++++ EXERCISE MATERIAL ++++

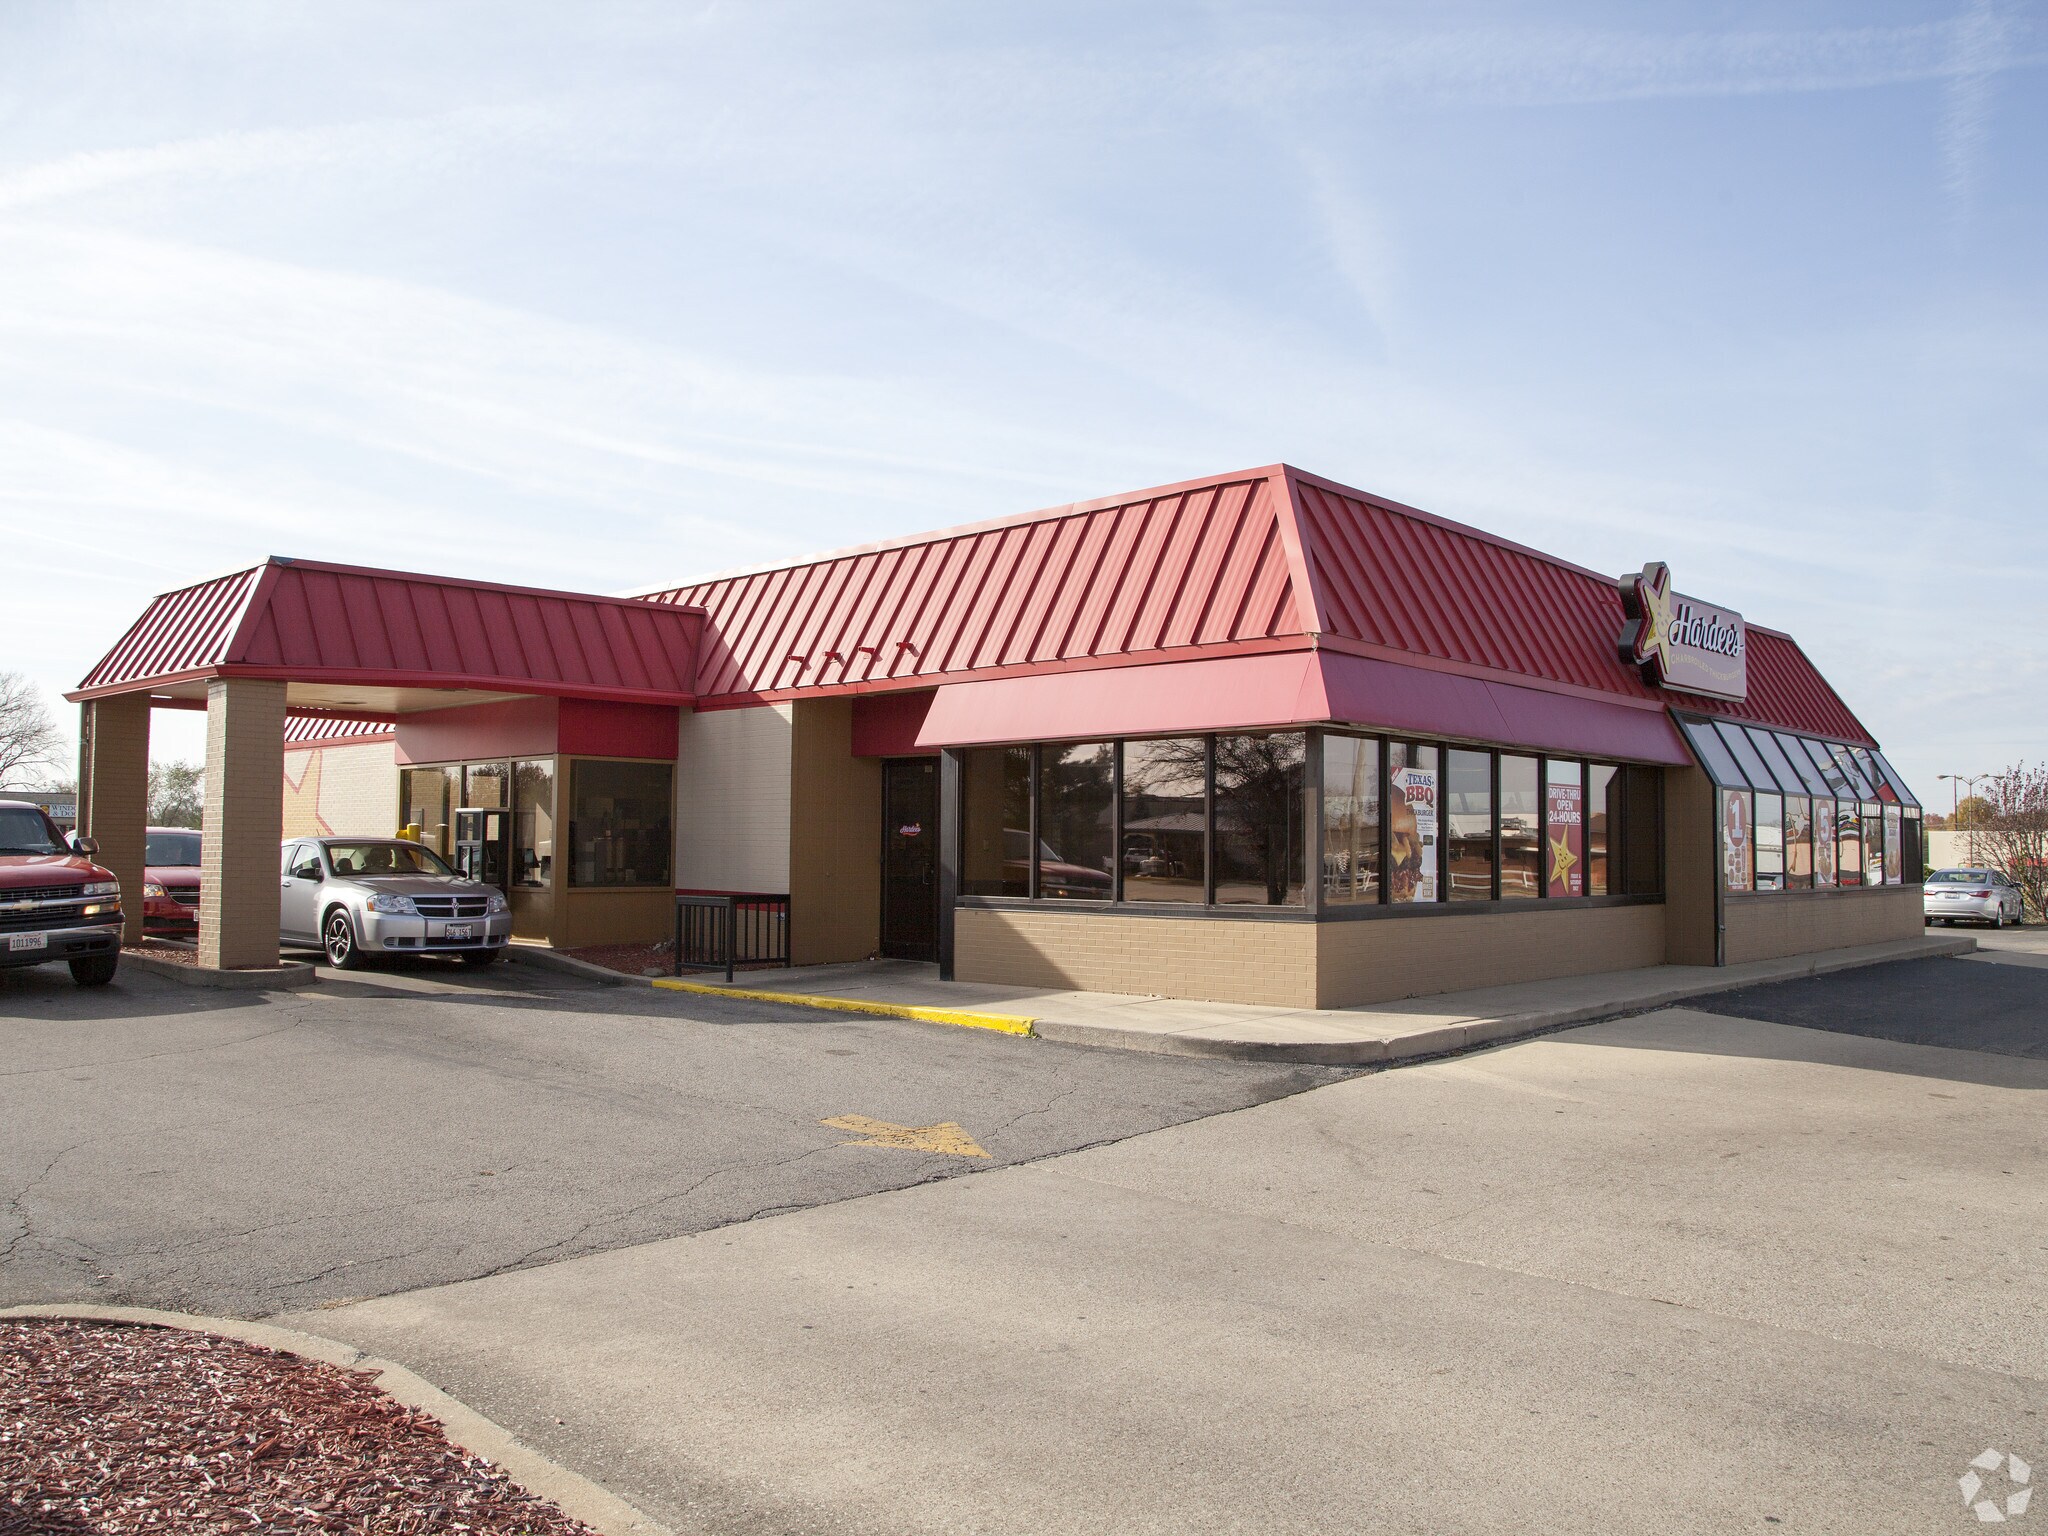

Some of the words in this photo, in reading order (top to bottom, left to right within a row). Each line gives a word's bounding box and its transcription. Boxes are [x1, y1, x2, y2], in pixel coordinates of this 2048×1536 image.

[1668, 604, 1744, 657] Hardee's
[1408, 773, 1432, 787] TEXAS
[1405, 785, 1434, 809] BBQ
[1556, 799, 1574, 811] OPEN
[1549, 810, 1581, 824] 24-HOURS
[12, 936, 42, 949] 1011996

++++

• EXERCISE:
An exact copy of every record above is needed, with all pictures left out.

• ANSWER SPACE:
Some of the words in this photo, in reading order (top to bottom, left to right within a row). Each line gives a word's bounding box and its transcription. Boxes are [x1, y1, x2, y2], in pixel coordinates of this 2048×1536 image.

[1668, 604, 1744, 657] Hardee's
[1408, 773, 1432, 787] TEXAS
[1405, 785, 1434, 809] BBQ
[1556, 799, 1574, 811] OPEN
[1549, 810, 1581, 824] 24-HOURS
[12, 936, 42, 949] 1011996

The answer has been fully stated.